> _Required action_:
Nothing in the data may be omitted; output it all verbatim.

─── Supplied records

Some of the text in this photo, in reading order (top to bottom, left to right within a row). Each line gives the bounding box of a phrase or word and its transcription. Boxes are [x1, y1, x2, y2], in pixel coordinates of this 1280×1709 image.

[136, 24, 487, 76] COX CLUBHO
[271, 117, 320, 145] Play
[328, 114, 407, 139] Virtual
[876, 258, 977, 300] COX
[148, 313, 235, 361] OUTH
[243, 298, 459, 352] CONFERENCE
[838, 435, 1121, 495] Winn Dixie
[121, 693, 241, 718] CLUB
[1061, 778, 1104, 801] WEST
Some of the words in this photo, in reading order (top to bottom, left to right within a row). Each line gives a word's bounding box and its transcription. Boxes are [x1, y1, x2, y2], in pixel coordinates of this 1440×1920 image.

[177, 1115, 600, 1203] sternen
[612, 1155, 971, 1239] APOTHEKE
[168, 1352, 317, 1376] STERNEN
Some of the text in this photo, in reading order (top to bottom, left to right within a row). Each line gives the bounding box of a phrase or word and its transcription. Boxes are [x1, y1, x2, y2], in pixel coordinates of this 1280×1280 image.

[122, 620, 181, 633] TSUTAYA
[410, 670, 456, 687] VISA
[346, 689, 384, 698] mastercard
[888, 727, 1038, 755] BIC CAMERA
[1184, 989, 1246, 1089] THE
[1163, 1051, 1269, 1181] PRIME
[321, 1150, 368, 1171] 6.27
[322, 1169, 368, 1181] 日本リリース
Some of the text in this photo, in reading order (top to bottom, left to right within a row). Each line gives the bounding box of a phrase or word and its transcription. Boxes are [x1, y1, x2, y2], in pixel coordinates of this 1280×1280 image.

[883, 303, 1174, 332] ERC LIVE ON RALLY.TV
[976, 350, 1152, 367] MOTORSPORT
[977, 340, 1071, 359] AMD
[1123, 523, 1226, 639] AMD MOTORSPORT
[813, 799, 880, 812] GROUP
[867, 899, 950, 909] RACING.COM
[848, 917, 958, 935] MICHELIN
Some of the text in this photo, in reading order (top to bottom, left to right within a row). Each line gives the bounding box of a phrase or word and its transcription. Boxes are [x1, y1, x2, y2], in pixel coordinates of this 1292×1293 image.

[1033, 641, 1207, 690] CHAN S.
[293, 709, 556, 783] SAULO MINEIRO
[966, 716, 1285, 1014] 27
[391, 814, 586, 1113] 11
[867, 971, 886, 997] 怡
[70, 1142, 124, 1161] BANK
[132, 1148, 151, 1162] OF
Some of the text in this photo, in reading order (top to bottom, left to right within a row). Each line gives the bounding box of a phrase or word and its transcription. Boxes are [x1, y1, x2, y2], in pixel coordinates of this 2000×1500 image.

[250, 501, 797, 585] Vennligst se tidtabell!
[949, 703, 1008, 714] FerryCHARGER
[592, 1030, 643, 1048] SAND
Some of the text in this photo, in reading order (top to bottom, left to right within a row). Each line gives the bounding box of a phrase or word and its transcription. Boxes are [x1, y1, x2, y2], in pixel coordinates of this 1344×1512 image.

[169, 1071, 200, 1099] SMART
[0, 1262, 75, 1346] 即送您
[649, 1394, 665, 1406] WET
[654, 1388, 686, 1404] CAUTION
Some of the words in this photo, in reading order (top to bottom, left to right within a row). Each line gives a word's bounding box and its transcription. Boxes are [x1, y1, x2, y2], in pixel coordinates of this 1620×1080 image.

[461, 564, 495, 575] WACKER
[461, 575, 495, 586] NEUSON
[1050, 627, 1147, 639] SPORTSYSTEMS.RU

──────

> _Solved problem_:
Some of the text in this photo, in reading order (top to bottom, left to right within a row). Each line gives the bounding box of a phrase or word and its transcription. Boxes are [x1, y1, x2, y2], in pixel coordinates of this 1280×1709 image.

[136, 24, 487, 76] COX CLUBHO
[271, 117, 320, 145] Play
[328, 114, 407, 139] Virtual
[876, 258, 977, 300] COX
[148, 313, 235, 361] OUTH
[243, 298, 459, 352] CONFERENCE
[838, 435, 1121, 495] Winn Dixie
[121, 693, 241, 718] CLUB
[1061, 778, 1104, 801] WEST
Some of the words in this photo, in reading order (top to bottom, left to right within a row). Each line gives a word's bounding box and its transcription. Boxes are [x1, y1, x2, y2], in pixel coordinates of this 1440×1920 image.

[177, 1115, 600, 1203] sternen
[612, 1155, 971, 1239] APOTHEKE
[168, 1352, 317, 1376] STERNEN
Some of the text in this photo, in reading order (top to bottom, left to right within a row). Each line gives the bounding box of a phrase or word and its transcription. Boxes are [x1, y1, x2, y2], in pixel coordinates of this 1280×1280 image.

[122, 620, 181, 633] TSUTAYA
[410, 670, 456, 687] VISA
[346, 689, 384, 698] mastercard
[888, 727, 1038, 755] BIC CAMERA
[1184, 989, 1246, 1089] THE
[1163, 1051, 1269, 1181] PRIME
[321, 1150, 368, 1171] 6.27
[322, 1169, 368, 1181] 日本リリース
Some of the text in this photo, in reading order (top to bottom, left to right within a row). Each line gives the bounding box of a phrase or word and its transcription. Boxes are [x1, y1, x2, y2], in pixel coordinates of this 1280×1280 image.

[883, 303, 1174, 332] ERC LIVE ON RALLY.TV
[976, 350, 1152, 367] MOTORSPORT
[977, 340, 1071, 359] AMD
[1123, 523, 1226, 639] AMD MOTORSPORT
[813, 799, 880, 812] GROUP
[867, 899, 950, 909] RACING.COM
[848, 917, 958, 935] MICHELIN
Some of the text in this photo, in reading order (top to bottom, left to right within a row). Each line gives the bounding box of a phrase or word and its transcription. Boxes are [x1, y1, x2, y2], in pixel coordinates of this 1292×1293 image.

[1033, 641, 1207, 690] CHAN S.
[293, 709, 556, 783] SAULO MINEIRO
[966, 716, 1285, 1014] 27
[391, 814, 586, 1113] 11
[867, 971, 886, 997] 怡
[70, 1142, 124, 1161] BANK
[132, 1148, 151, 1162] OF
Some of the text in this photo, in reading order (top to bottom, left to right within a row). Each line gives the bounding box of a phrase or word and its transcription. Boxes are [x1, y1, x2, y2], in pixel coordinates of this 2000×1500 image.

[250, 501, 797, 585] Vennligst se tidtabell!
[949, 703, 1008, 714] FerryCHARGER
[592, 1030, 643, 1048] SAND
Some of the text in this photo, in reading order (top to bottom, left to right within a row). Each line gives the bounding box of a phrase or word and its transcription. Boxes are [x1, y1, x2, y2], in pixel coordinates of this 1344×1512 image.

[169, 1071, 200, 1099] SMART
[0, 1262, 75, 1346] 即送您
[649, 1394, 665, 1406] WET
[654, 1388, 686, 1404] CAUTION
Some of the words in this photo, in reading order (top to bottom, left to right within a row). Each line gives a word's bounding box and its transcription. Boxes are [x1, y1, x2, y2], in pixel coordinates of this 1620×1080 image.

[461, 564, 495, 575] WACKER
[461, 575, 495, 586] NEUSON
[1050, 627, 1147, 639] SPORTSYSTEMS.RU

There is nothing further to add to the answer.